De acordo com o Mapa dos Desaparecidos no Brasil, estudo divulgado pelo Fórum Brasileiro de Segurança Pública em 22/05/2023, cerca de 183 pessoas desaparecem por dia no país.
O estudo revela que esse número pode ser ainda maior, considerando que o Brasil ainda não conta com um cadastro nacional para contabilizar esses casos, em que pese tenha sido sancionada a Lei da Política Nacional de Busca de Pessoas Desaparecidas (Lei nº 13.182/2019), a qual prevê a criação do “Cadastro Nacional de Pessoas Desaparecidas” – CNPD.

A partir dessa premissa, fica a dúvida: Quais os efeitos jurídicos do desaparecimento de uma pessoa?
O Código Civil Brasileiro tratou de prever as mais diversas possibilidades de fatos e atos jurídicos que podem ocorrer com a pessoa natural ao longo de sua vida, seja antes mesmo do nascimento, ao proteger os direitos do nascituro, passando pelo alcance da capacidade civil, casamento, divórcio, celebração de negócios jurídicos e, ao final, tratou da morte e atos sucessórios.
O desaparecimento, por sua vez, não escapou do olhar do legislador.

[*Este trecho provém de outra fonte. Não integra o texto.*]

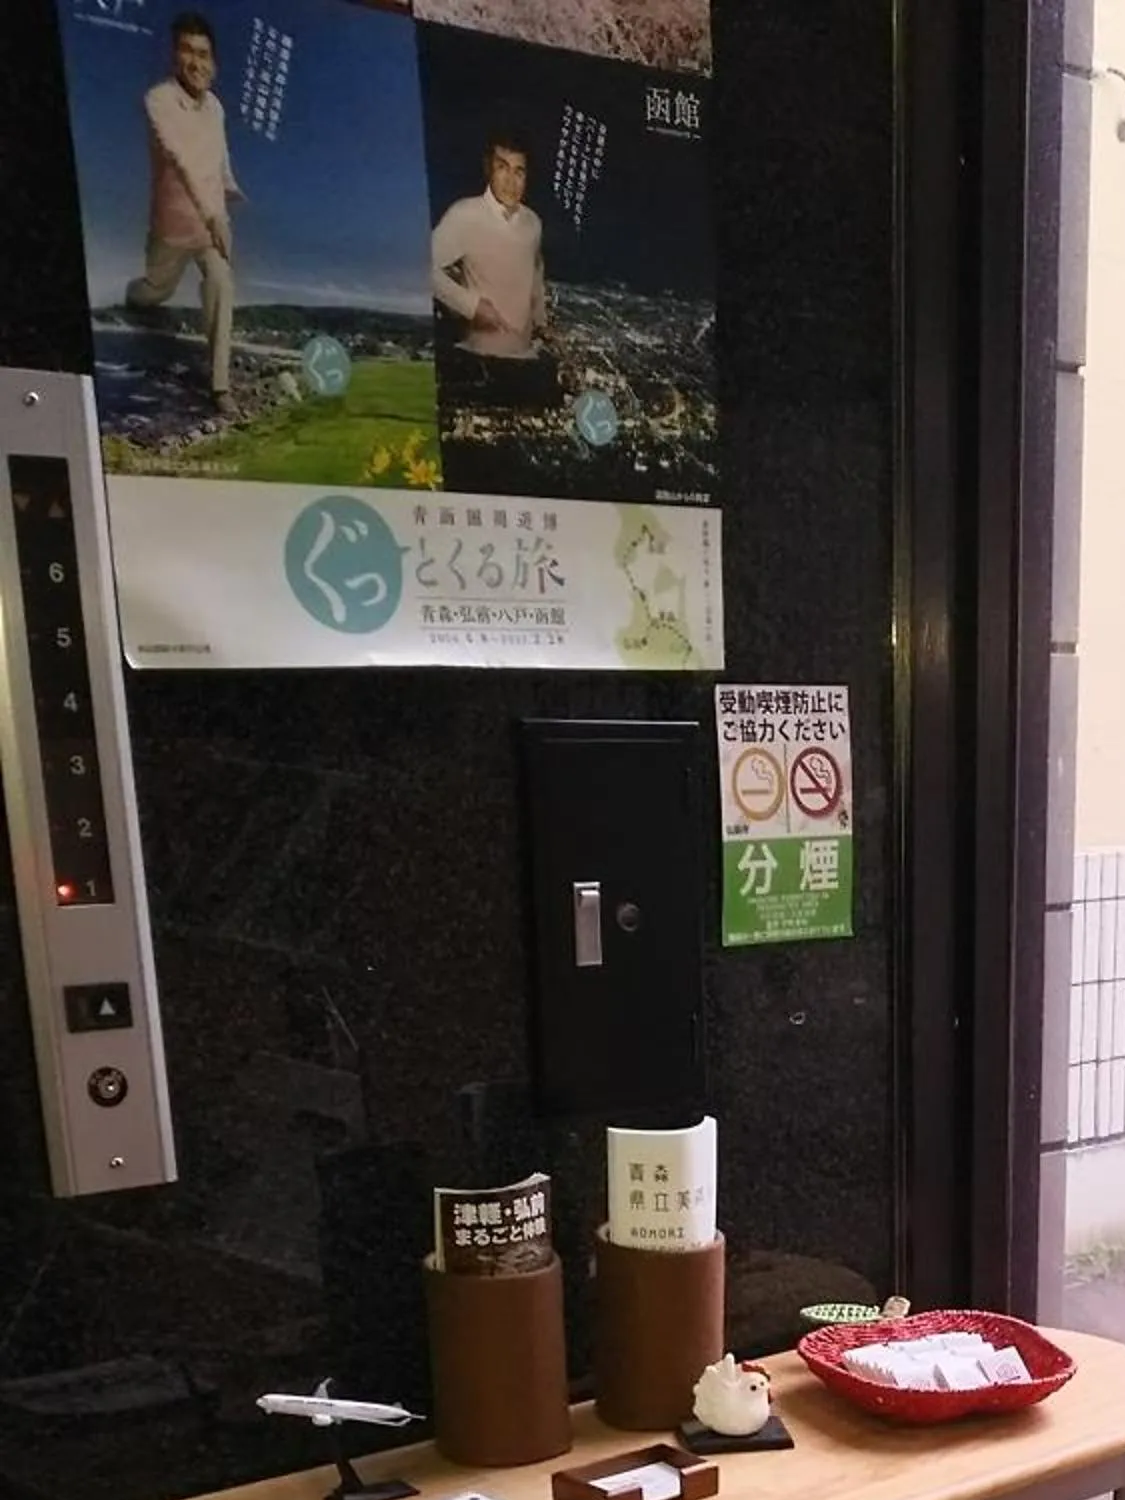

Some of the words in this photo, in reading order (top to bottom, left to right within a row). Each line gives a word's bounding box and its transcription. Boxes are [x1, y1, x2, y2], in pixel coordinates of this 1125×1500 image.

Conforme prevê o art. 6º do Código Civil, a existência da pessoa natural termina com a morte, presumindo-se a ocorrência desta, quanto aos ausentes, nos casos em que a lei autoriza a abertura de sucessão definitiva.

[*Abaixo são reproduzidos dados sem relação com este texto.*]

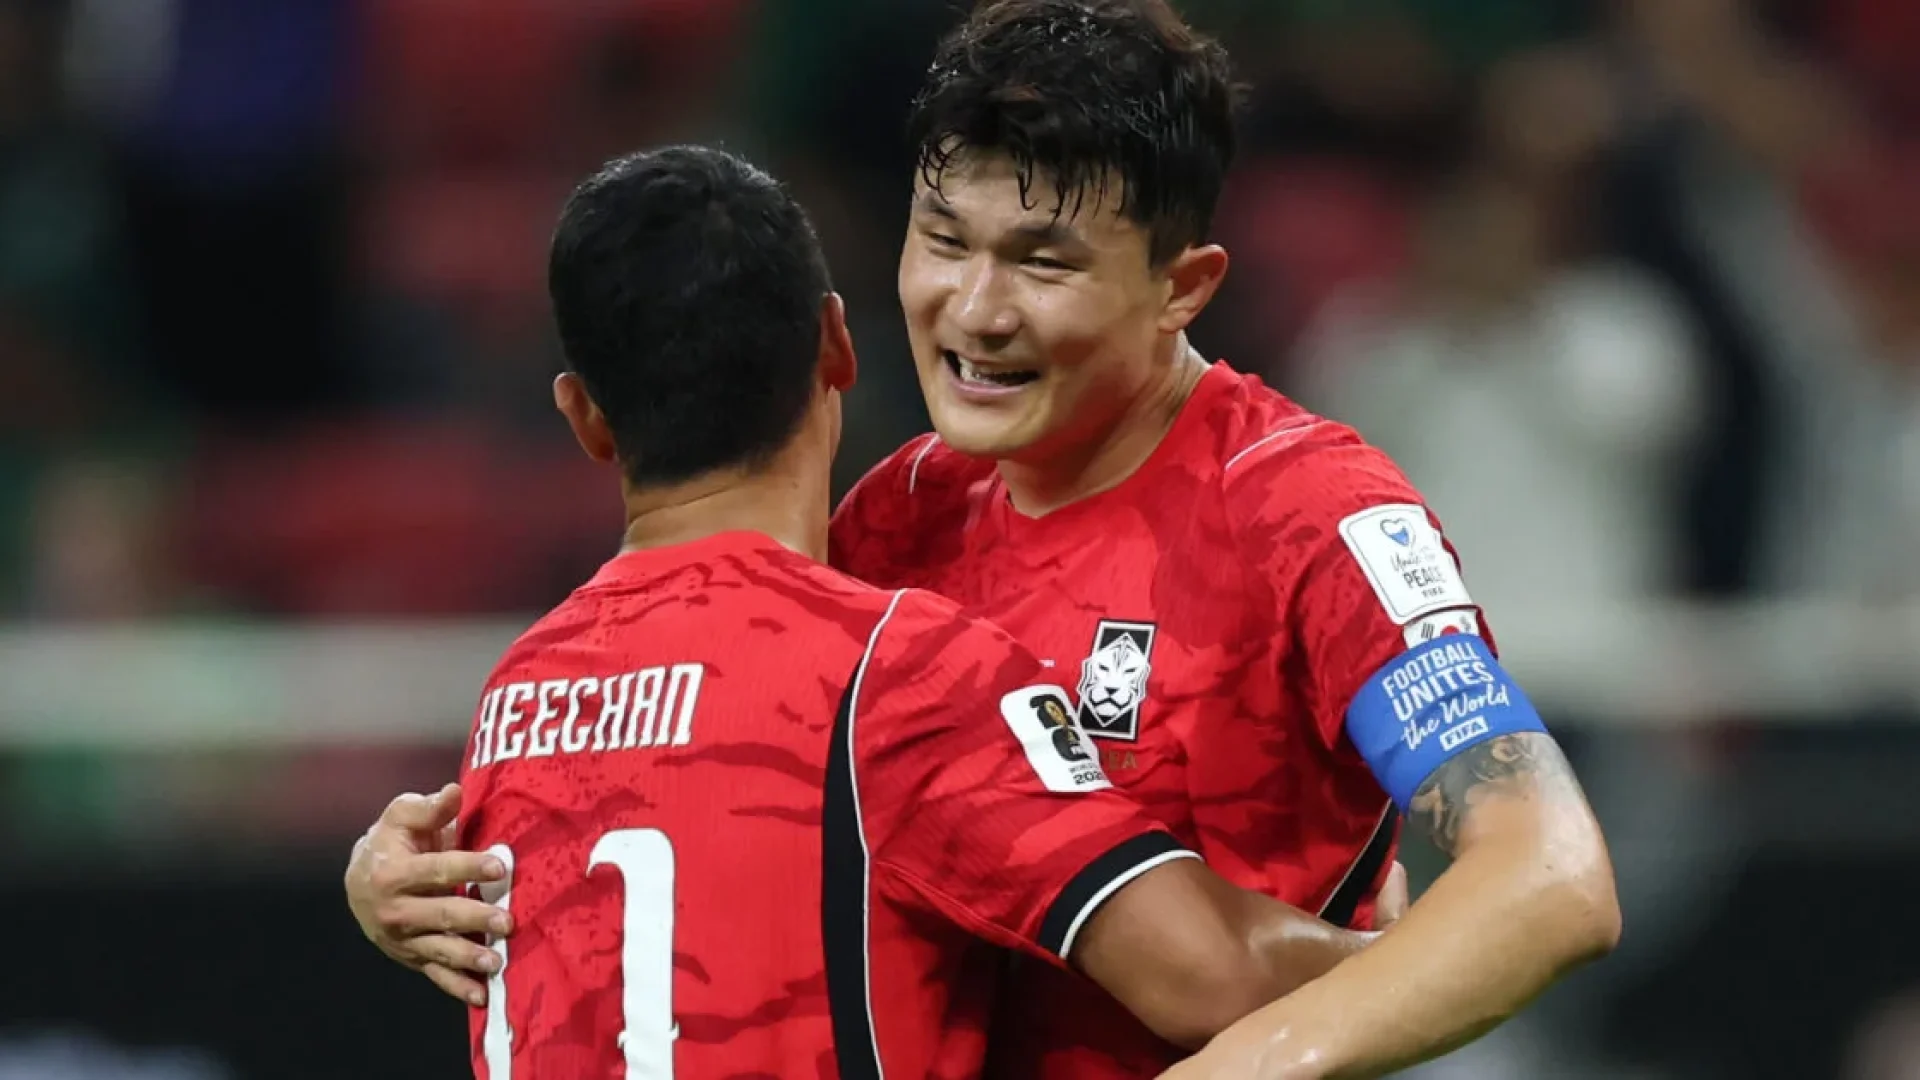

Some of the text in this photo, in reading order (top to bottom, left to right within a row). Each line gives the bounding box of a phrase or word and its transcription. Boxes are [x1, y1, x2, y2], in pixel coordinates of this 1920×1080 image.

[1402, 566, 1446, 588] PEACE
[1382, 642, 1481, 698] FOOTBALL
[1392, 660, 1495, 721] UNITES
[471, 662, 704, 769] HEECHAN
[1401, 684, 1510, 750] the World
[1442, 718, 1486, 748] FIFA
[465, 827, 680, 1080] 11
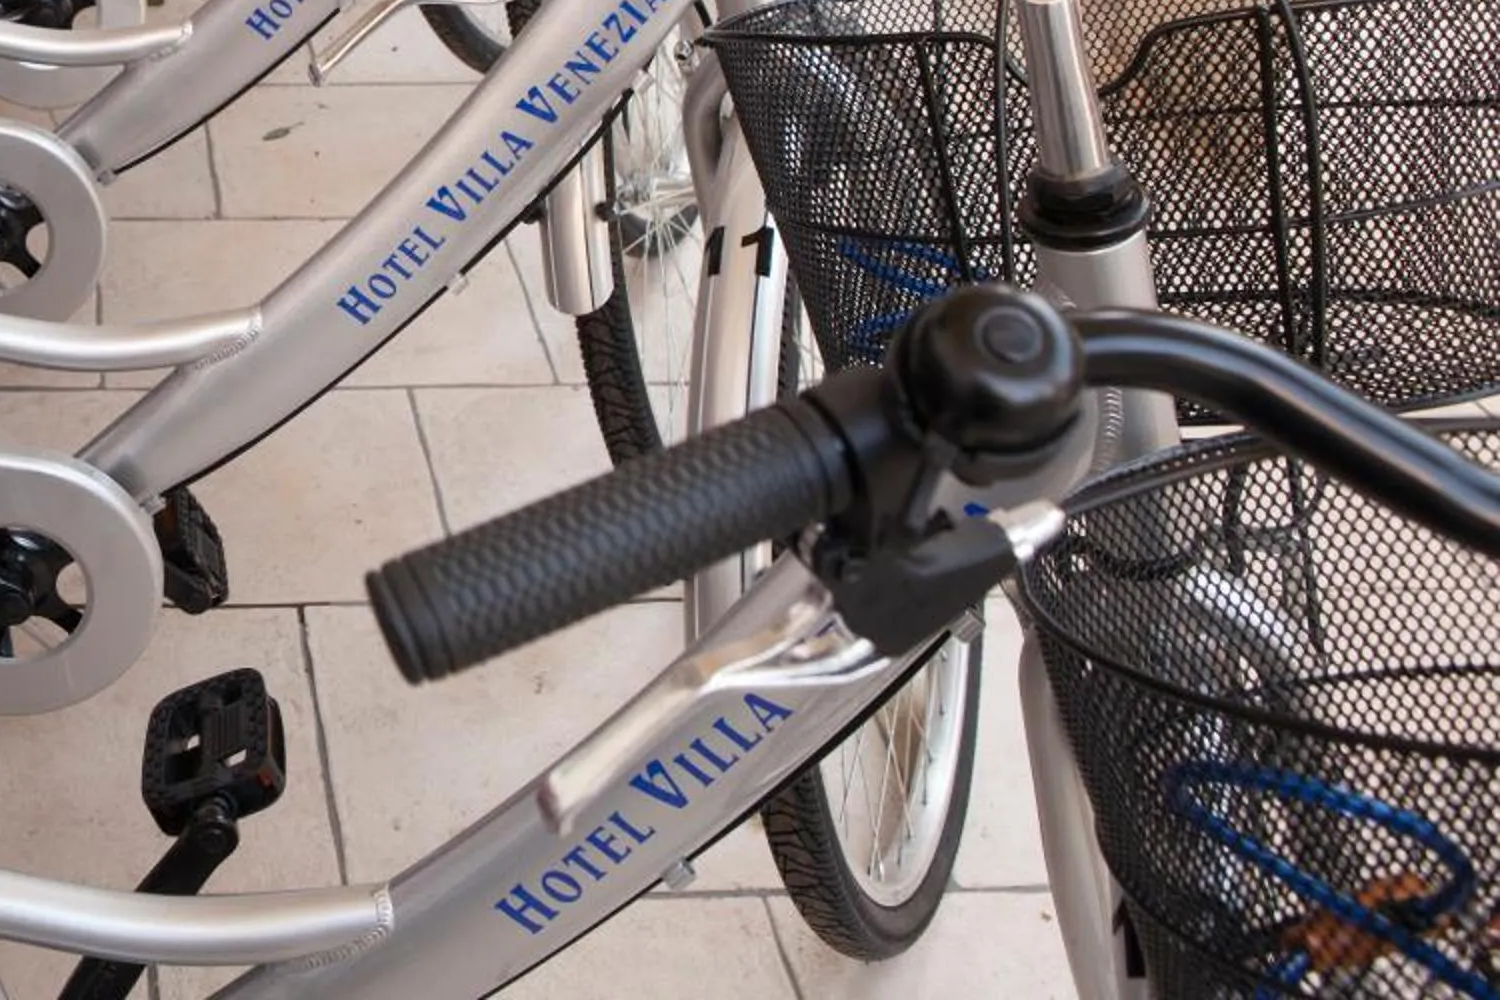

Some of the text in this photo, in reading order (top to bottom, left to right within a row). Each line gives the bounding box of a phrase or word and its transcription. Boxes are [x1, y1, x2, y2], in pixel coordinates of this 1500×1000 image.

[335, 225, 448, 326] HOTEL
[425, 129, 535, 223] VILLA
[494, 691, 794, 935] HOTEL VILLA

Segundo o ensinamento do jurista Pablo Stolze, a ausência é “um estado de fato, em que uma pessoa desaparece de seu domicílio, sem deixar qualquer notícia.”. (Pablo Stolze, 2005, p. 140). Dessa forma, é considerado como ausente o indivíduo que desapareceu, voluntariamente ou não.
O Capítulo III do Código Civil trata da ausência e divide o procedimento em 03 importantes etapas: a curadoria dos bens do ausente (arts. 22 a 25); a sucessão provisória (arts. 26 a 36) e, por fim, a sucessão definitiva (arts. 37 a 39).

Na primeira etapa, caberá a qualquer interessado ou ao Ministério Público informar ao juiz sobre o desaparecimento de uma pessoa e, não tendo ela deixado nenhum procurador para administrar seus bens, será declarada a sua ausência e nomeado curador.

Regra geral, o curador da pessoa desaparecida será o cônjuge ou companheiro, salvo se separado judicialmente ou de fato há mais de 02 anos, nomeando-se como curador, nesses casos, os ascendentes ou descendentes, sendo que entre os descendentes os mais próximos precedem os mais remotos.
Passado 01 ano da arrecadação dos bens do ausente e nomeação de seu curador, não tendo o indivíduo reaparecido, torna-se menos provável o seu retorno e aumenta a probabilidade de o ausente ter falecido.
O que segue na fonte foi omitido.